_Work to be completed:_
When you retype the data, keep every line exactly as it appears.

═══ Exercise input ═══

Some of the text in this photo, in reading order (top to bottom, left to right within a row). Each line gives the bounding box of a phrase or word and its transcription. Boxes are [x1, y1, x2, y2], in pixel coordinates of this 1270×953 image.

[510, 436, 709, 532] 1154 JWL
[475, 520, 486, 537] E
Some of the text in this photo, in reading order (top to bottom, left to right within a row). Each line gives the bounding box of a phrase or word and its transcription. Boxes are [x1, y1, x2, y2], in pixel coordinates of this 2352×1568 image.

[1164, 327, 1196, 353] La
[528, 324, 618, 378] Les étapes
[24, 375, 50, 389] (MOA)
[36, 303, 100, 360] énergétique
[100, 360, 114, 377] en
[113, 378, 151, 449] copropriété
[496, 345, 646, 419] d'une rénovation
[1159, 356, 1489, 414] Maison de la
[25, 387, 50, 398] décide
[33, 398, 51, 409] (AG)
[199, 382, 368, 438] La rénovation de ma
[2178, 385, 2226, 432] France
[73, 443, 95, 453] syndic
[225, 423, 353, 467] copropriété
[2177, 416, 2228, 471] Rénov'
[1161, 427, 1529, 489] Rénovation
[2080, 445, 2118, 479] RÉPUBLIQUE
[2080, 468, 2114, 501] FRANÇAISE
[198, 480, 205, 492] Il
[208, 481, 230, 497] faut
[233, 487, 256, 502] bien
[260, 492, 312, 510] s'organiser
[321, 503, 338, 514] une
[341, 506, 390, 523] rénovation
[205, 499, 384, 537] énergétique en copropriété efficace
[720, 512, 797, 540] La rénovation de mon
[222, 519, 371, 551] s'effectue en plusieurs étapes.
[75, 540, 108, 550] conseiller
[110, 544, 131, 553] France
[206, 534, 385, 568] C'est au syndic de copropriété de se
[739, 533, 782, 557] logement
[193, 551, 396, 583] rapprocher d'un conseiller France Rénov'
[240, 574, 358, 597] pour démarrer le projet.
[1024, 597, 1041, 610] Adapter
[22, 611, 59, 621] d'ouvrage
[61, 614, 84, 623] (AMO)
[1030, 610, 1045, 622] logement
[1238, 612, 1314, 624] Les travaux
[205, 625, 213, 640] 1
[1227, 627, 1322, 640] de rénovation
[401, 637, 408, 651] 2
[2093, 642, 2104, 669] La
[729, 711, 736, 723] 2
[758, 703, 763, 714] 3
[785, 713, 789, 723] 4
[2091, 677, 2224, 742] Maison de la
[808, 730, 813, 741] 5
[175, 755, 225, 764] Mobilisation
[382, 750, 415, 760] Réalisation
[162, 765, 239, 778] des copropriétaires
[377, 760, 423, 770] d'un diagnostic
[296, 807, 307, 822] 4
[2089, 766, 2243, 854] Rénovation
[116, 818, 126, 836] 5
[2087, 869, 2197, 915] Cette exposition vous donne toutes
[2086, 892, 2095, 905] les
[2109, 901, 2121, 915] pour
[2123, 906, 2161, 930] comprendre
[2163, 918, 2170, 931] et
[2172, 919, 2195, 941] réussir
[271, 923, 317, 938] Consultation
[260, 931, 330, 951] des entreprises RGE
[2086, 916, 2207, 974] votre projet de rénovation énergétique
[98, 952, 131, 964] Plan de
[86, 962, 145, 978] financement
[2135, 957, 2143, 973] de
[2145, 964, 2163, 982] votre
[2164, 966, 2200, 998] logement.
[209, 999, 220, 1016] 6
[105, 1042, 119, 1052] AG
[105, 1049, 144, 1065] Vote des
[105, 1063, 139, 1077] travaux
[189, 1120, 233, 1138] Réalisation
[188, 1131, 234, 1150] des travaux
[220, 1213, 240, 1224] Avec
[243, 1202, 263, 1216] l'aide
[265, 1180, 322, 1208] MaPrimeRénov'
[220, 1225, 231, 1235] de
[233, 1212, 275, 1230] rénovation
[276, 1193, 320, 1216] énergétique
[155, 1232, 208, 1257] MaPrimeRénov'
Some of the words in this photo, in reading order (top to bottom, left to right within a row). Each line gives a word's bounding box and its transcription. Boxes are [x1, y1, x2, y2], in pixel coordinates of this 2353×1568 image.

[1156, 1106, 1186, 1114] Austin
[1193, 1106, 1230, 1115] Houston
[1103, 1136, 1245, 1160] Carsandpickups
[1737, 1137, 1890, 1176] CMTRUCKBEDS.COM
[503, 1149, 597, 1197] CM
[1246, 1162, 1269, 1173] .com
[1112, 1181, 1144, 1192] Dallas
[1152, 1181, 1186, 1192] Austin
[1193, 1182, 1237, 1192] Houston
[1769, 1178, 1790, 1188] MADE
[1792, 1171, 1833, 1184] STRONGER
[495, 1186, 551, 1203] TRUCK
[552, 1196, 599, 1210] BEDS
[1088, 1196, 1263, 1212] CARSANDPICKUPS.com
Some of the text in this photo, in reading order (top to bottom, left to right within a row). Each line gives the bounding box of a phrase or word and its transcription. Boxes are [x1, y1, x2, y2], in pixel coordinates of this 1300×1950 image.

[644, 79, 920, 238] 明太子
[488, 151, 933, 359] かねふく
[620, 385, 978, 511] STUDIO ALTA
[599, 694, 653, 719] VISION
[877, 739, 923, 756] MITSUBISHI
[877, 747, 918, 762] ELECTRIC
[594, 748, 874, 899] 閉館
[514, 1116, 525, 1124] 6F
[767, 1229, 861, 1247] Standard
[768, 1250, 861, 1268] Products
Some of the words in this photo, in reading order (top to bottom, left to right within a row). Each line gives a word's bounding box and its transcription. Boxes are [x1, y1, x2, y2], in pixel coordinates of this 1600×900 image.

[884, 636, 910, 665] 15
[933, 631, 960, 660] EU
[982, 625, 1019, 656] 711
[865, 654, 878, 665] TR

═══

_Answer:_
Some of the text in this photo, in reading order (top to bottom, left to right within a row). Each line gives the bounding box of a phrase or word and its transcription. Boxes are [x1, y1, x2, y2], in pixel coordinates of this 1270×953 image.

[510, 436, 709, 532] 1154 JWL
[475, 520, 486, 537] E
Some of the text in this photo, in reading order (top to bottom, left to right within a row). Each line gives the bounding box of a phrase or word and its transcription. Boxes are [x1, y1, x2, y2], in pixel coordinates of this 2352×1568 image.

[1164, 327, 1196, 353] La
[528, 324, 618, 378] Les étapes
[24, 375, 50, 389] (MOA)
[36, 303, 100, 360] énergétique
[100, 360, 114, 377] en
[113, 378, 151, 449] copropriété
[496, 345, 646, 419] d'une rénovation
[1159, 356, 1489, 414] Maison de la
[25, 387, 50, 398] décide
[33, 398, 51, 409] (AG)
[199, 382, 368, 438] La rénovation de ma
[2178, 385, 2226, 432] France
[73, 443, 95, 453] syndic
[225, 423, 353, 467] copropriété
[2177, 416, 2228, 471] Rénov'
[1161, 427, 1529, 489] Rénovation
[2080, 445, 2118, 479] RÉPUBLIQUE
[2080, 468, 2114, 501] FRANÇAISE
[198, 480, 205, 492] Il
[208, 481, 230, 497] faut
[233, 487, 256, 502] bien
[260, 492, 312, 510] s'organiser
[321, 503, 338, 514] une
[341, 506, 390, 523] rénovation
[205, 499, 384, 537] énergétique en copropriété efficace
[720, 512, 797, 540] La rénovation de mon
[222, 519, 371, 551] s'effectue en plusieurs étapes.
[75, 540, 108, 550] conseiller
[110, 544, 131, 553] France
[206, 534, 385, 568] C'est au syndic de copropriété de se
[739, 533, 782, 557] logement
[193, 551, 396, 583] rapprocher d'un conseiller France Rénov'
[240, 574, 358, 597] pour démarrer le projet.
[1024, 597, 1041, 610] Adapter
[22, 611, 59, 621] d'ouvrage
[61, 614, 84, 623] (AMO)
[1030, 610, 1045, 622] logement
[1238, 612, 1314, 624] Les travaux
[205, 625, 213, 640] 1
[1227, 627, 1322, 640] de rénovation
[401, 637, 408, 651] 2
[2093, 642, 2104, 669] La
[729, 711, 736, 723] 2
[758, 703, 763, 714] 3
[785, 713, 789, 723] 4
[2091, 677, 2224, 742] Maison de la
[808, 730, 813, 741] 5
[175, 755, 225, 764] Mobilisation
[382, 750, 415, 760] Réalisation
[162, 765, 239, 778] des copropriétaires
[377, 760, 423, 770] d'un diagnostic
[296, 807, 307, 822] 4
[2089, 766, 2243, 854] Rénovation
[116, 818, 126, 836] 5
[2087, 869, 2197, 915] Cette exposition vous donne toutes
[2086, 892, 2095, 905] les
[2109, 901, 2121, 915] pour
[2123, 906, 2161, 930] comprendre
[2163, 918, 2170, 931] et
[2172, 919, 2195, 941] réussir
[271, 923, 317, 938] Consultation
[260, 931, 330, 951] des entreprises RGE
[2086, 916, 2207, 974] votre projet de rénovation énergétique
[98, 952, 131, 964] Plan de
[86, 962, 145, 978] financement
[2135, 957, 2143, 973] de
[2145, 964, 2163, 982] votre
[2164, 966, 2200, 998] logement.
[209, 999, 220, 1016] 6
[105, 1042, 119, 1052] AG
[105, 1049, 144, 1065] Vote des
[105, 1063, 139, 1077] travaux
[189, 1120, 233, 1138] Réalisation
[188, 1131, 234, 1150] des travaux
[220, 1213, 240, 1224] Avec
[243, 1202, 263, 1216] l'aide
[265, 1180, 322, 1208] MaPrimeRénov'
[220, 1225, 231, 1235] de
[233, 1212, 275, 1230] rénovation
[276, 1193, 320, 1216] énergétique
[155, 1232, 208, 1257] MaPrimeRénov'
Some of the words in this photo, in reading order (top to bottom, left to right within a row). Each line gives a word's bounding box and its transcription. Boxes are [x1, y1, x2, y2], in pixel coordinates of this 2353×1568 image.

[1156, 1106, 1186, 1114] Austin
[1193, 1106, 1230, 1115] Houston
[1103, 1136, 1245, 1160] Carsandpickups
[1737, 1137, 1890, 1176] CMTRUCKBEDS.COM
[503, 1149, 597, 1197] CM
[1246, 1162, 1269, 1173] .com
[1112, 1181, 1144, 1192] Dallas
[1152, 1181, 1186, 1192] Austin
[1193, 1182, 1237, 1192] Houston
[1769, 1178, 1790, 1188] MADE
[1792, 1171, 1833, 1184] STRONGER
[495, 1186, 551, 1203] TRUCK
[552, 1196, 599, 1210] BEDS
[1088, 1196, 1263, 1212] CARSANDPICKUPS.com
Some of the text in this photo, in reading order (top to bottom, left to right within a row). Each line gives the bounding box of a phrase or word and its transcription. Boxes are [x1, y1, x2, y2], in pixel coordinates of this 1300×1950 image.

[644, 79, 920, 238] 明太子
[488, 151, 933, 359] かねふく
[620, 385, 978, 511] STUDIO ALTA
[599, 694, 653, 719] VISION
[877, 739, 923, 756] MITSUBISHI
[877, 747, 918, 762] ELECTRIC
[594, 748, 874, 899] 閉館
[514, 1116, 525, 1124] 6F
[767, 1229, 861, 1247] Standard
[768, 1250, 861, 1268] Products
Some of the words in this photo, in reading order (top to bottom, left to right within a row). Each line gives a word's bounding box and its transcription. Boxes are [x1, y1, x2, y2], in pixel coordinates of this 1600×900 image.

[884, 636, 910, 665] 15
[933, 631, 960, 660] EU
[982, 625, 1019, 656] 711
[865, 654, 878, 665] TR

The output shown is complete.